Registration REQUIRED by 4pm on March 25, 2026 in order to attend this event.

Please join the Ukrainian Studies Program at the Harriman Institute for the conference 1990s Ukraine: Undertaken Initiatives & Squandered Opportunities.

Of late, several important scholarly publications have appeared that focus on the years leading to the Revolution of Dignity and Russia’s invasions of Ukraine in 2014 and 2022 in search of roots for the dramatic changes in identity and civil society that Ukraine has undergone in the recent past. These volumes are very insightful and informative in tracing the trajectory of developments on those fronts in Ukraine since 2000, but they largely ignore the first ten years of Ukrainian independence—roughly the 1990s.
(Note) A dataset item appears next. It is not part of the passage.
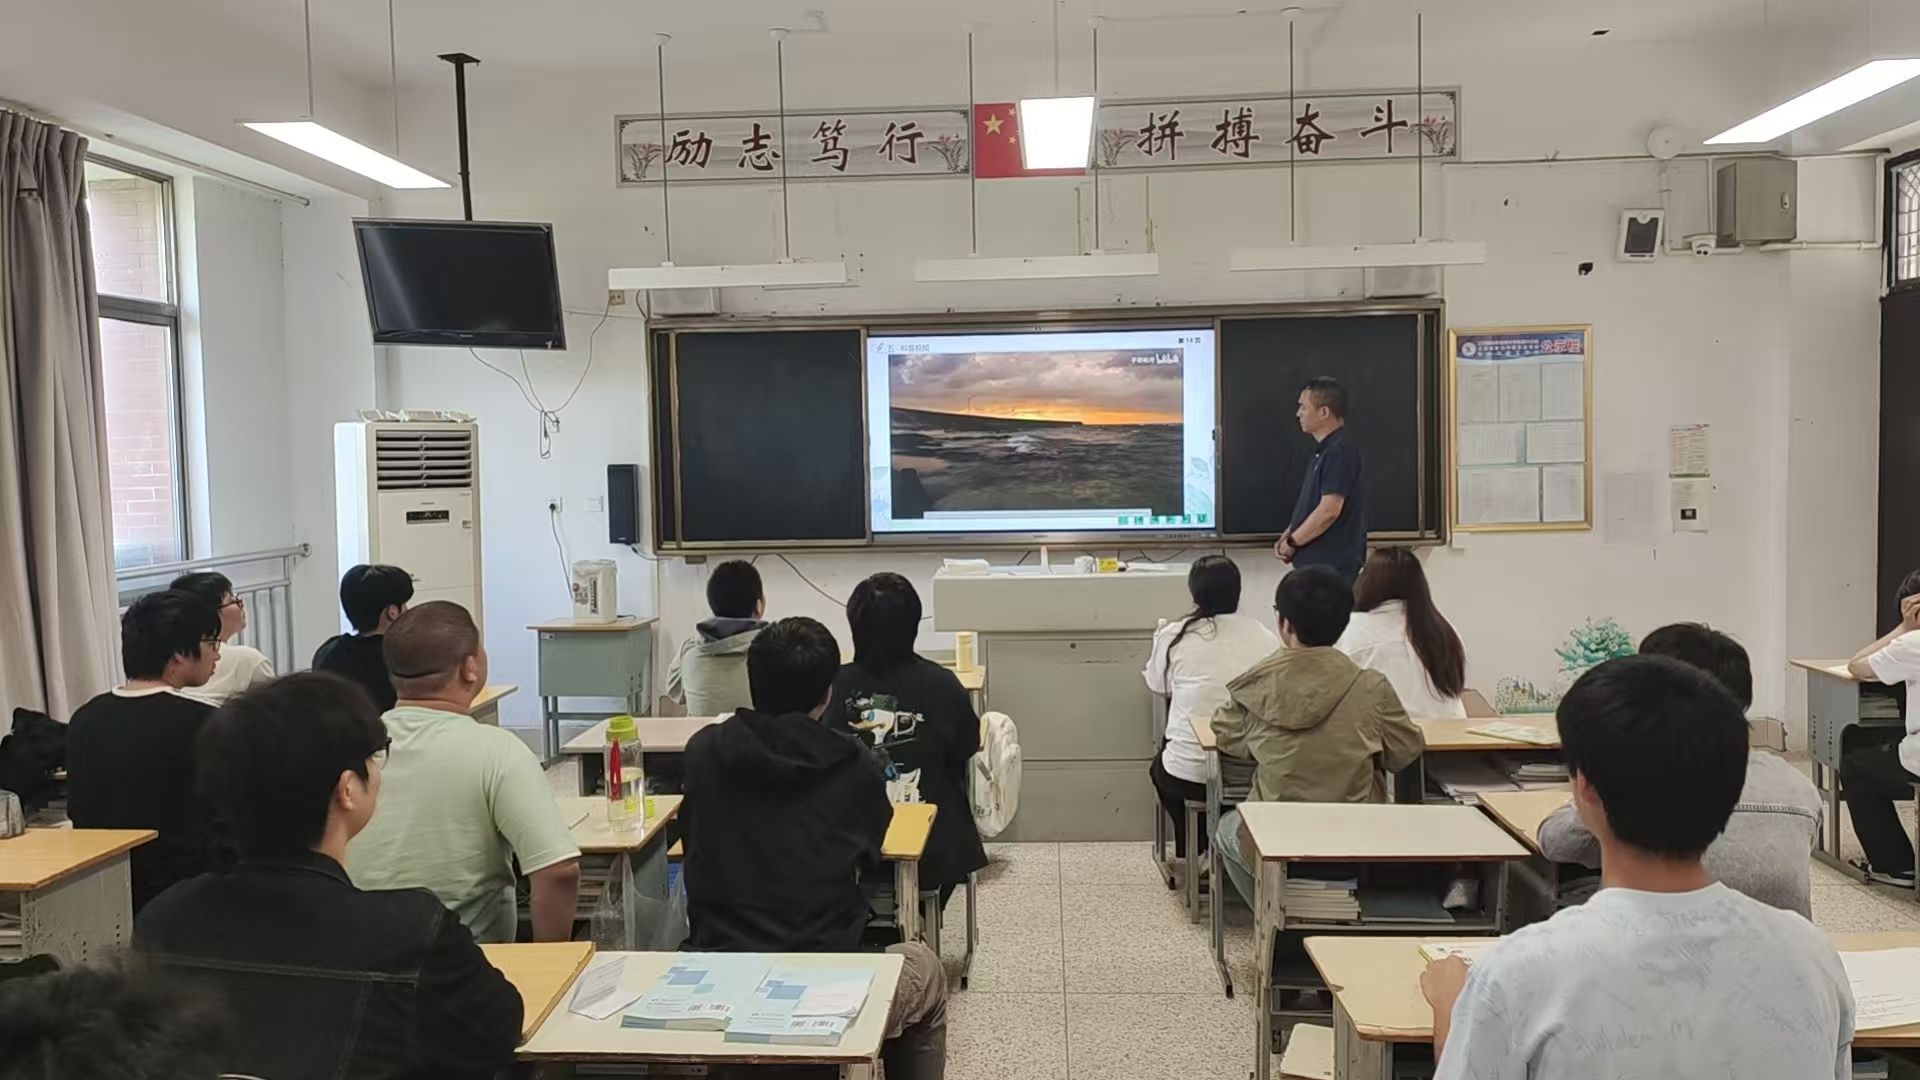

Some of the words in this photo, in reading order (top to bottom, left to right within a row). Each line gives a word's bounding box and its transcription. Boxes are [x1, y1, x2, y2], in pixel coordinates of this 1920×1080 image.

However, that decade, in fact, featured many of the key initiatives and strategies that would be further developed in the country in the decades to come. 1990s Ukraine will look back at the 1990s and identify crucial areas that can be linked with more recent experiences in Ukraine.

1990s Ukraine will examine an exciting, chaotic, stagnant and turbulent decade from the perspective of over a quarter of a century later and ascertain what were the key issues for Ukraine then. The conference will also allow us to consider, in light of the state of things in today’s Ukraine, what mistakes were made in the 1990s, what things should have been done instead, and why they weren’t. Importantly, although 1990s Ukraine has largely been ignored in scholarship, it nevertheless has been a featured subject in today’s Ukrainian culture. Reflecting this, the conference will begin with a screening of a film that focuses on 1990s Ukraine— “Rock, Paper, Grenade” (2022) — and will followed by a discussion with its director, Iryna Tsilyk.

 

Conference Program

 

Day One: Thursday, March 26, 2026

 

Harriman Institute Atrium, 12th Floor International Affairs Building, 420 W 118th St.

 

6:30pm: Film Screening: “Rock, Paper, Grenade” (2022) and Discussion with Director Iryna Tsilyk, moderated by Mark Andryczyk.

Reception to follow

Reserve Your Seat: “Rock, Paper, Grenade” Film Screening

 

Day Two: Friday, March 27, 2026

 

Columbia Journalism School, World Room, 2950 Broadway at 116th St

 

9:00am | Opening Remarks

Mark Andryczyk

9:10 – 11:10am | Panel 1

Moderator: Anastasiia Vlasenko

  • Nataliya Kibita, “Knowledge and the Making of the Ukrainian State After Independence”
  • Mariana Budjeryn, “Ukraine’s Nuclear Disarmament and the Global Nuclear Order”
  • Greta Uehling, “Between Independence and Indigeneity: Ukraine’s Debate over Crimean Tatar Recognition”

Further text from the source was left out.